[Dataset entries]

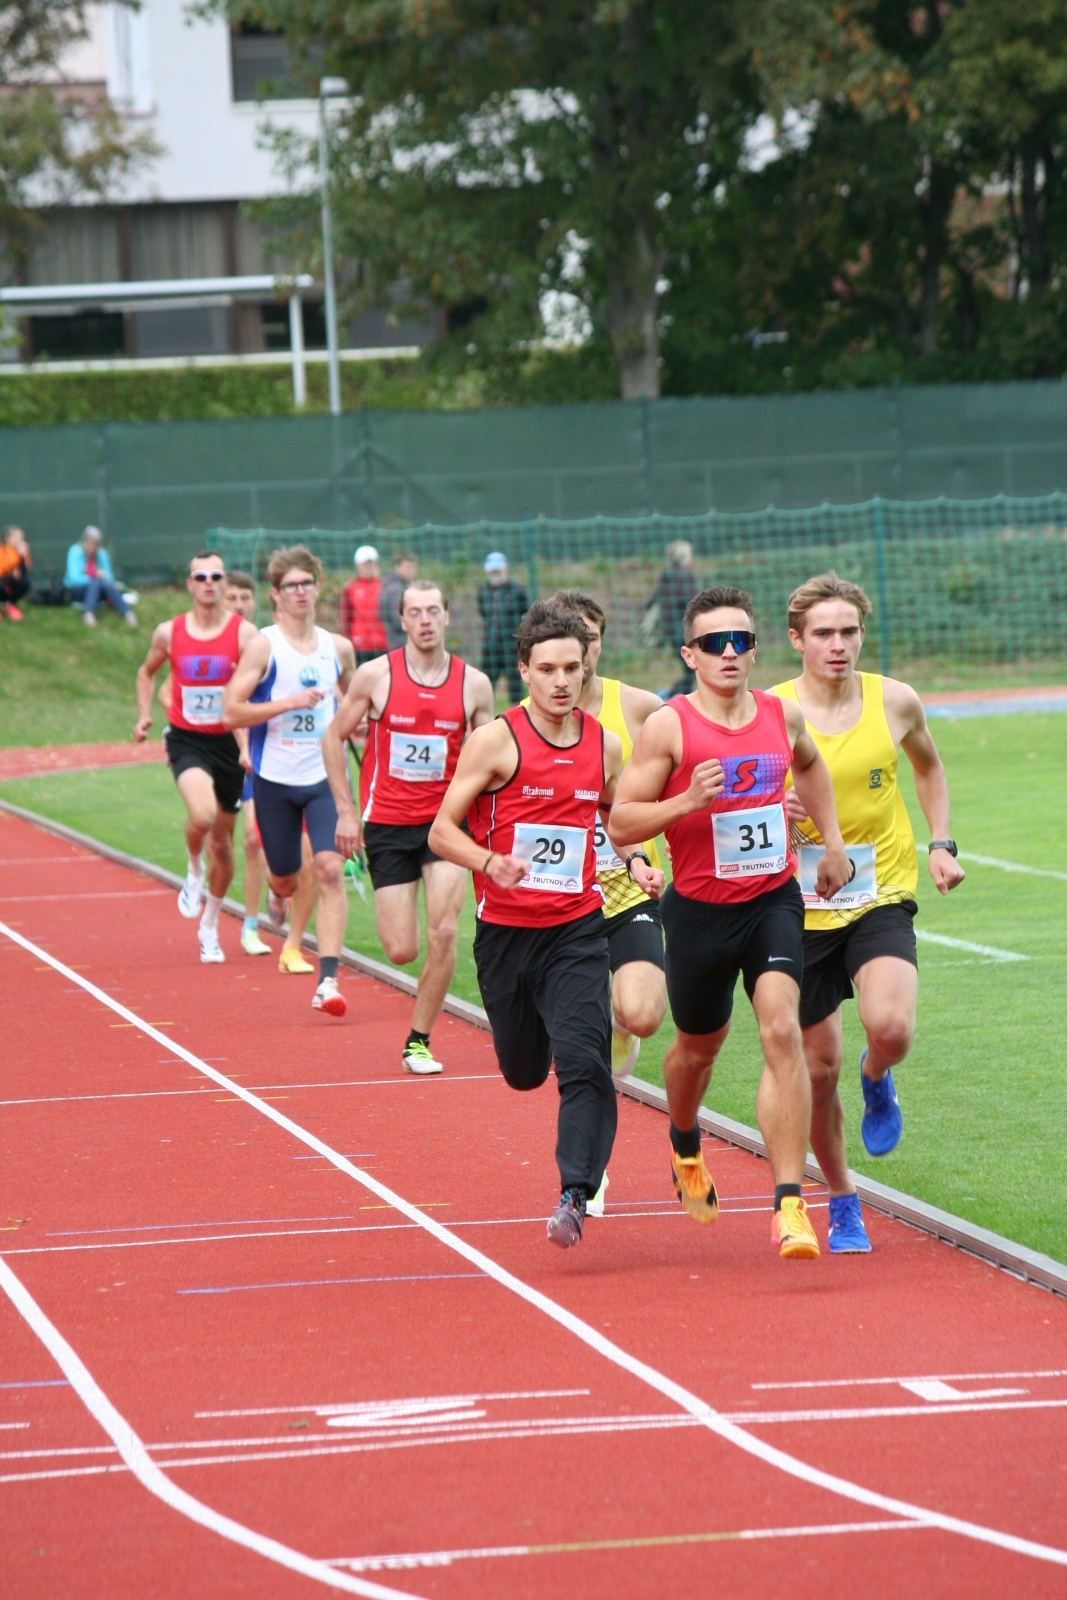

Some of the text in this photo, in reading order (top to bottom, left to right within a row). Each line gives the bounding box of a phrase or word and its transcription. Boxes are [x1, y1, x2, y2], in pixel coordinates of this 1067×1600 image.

[194, 694, 214, 710] 27
[292, 714, 315, 732] 28
[404, 743, 430, 763] 24
[594, 822, 606, 848] 5
[738, 821, 773, 852] 31
[532, 837, 566, 865] 29
[742, 861, 774, 871] TRUTNOV
[532, 876, 564, 886] TRUTNOV

> **AIM OF THE TASK**: Output each record verbatim and leave out its pictures.

> **RESULT OF THIS TASK**:
Some of the text in this photo, in reading order (top to bottom, left to right within a row). Each line gives the bounding box of a phrase or word and its transcription. Boxes are [x1, y1, x2, y2], in pixel coordinates of this 1067×1600 image.

[194, 694, 214, 710] 27
[292, 714, 315, 732] 28
[404, 743, 430, 763] 24
[594, 822, 606, 848] 5
[738, 821, 773, 852] 31
[532, 837, 566, 865] 29
[742, 861, 774, 871] TRUTNOV
[532, 876, 564, 886] TRUTNOV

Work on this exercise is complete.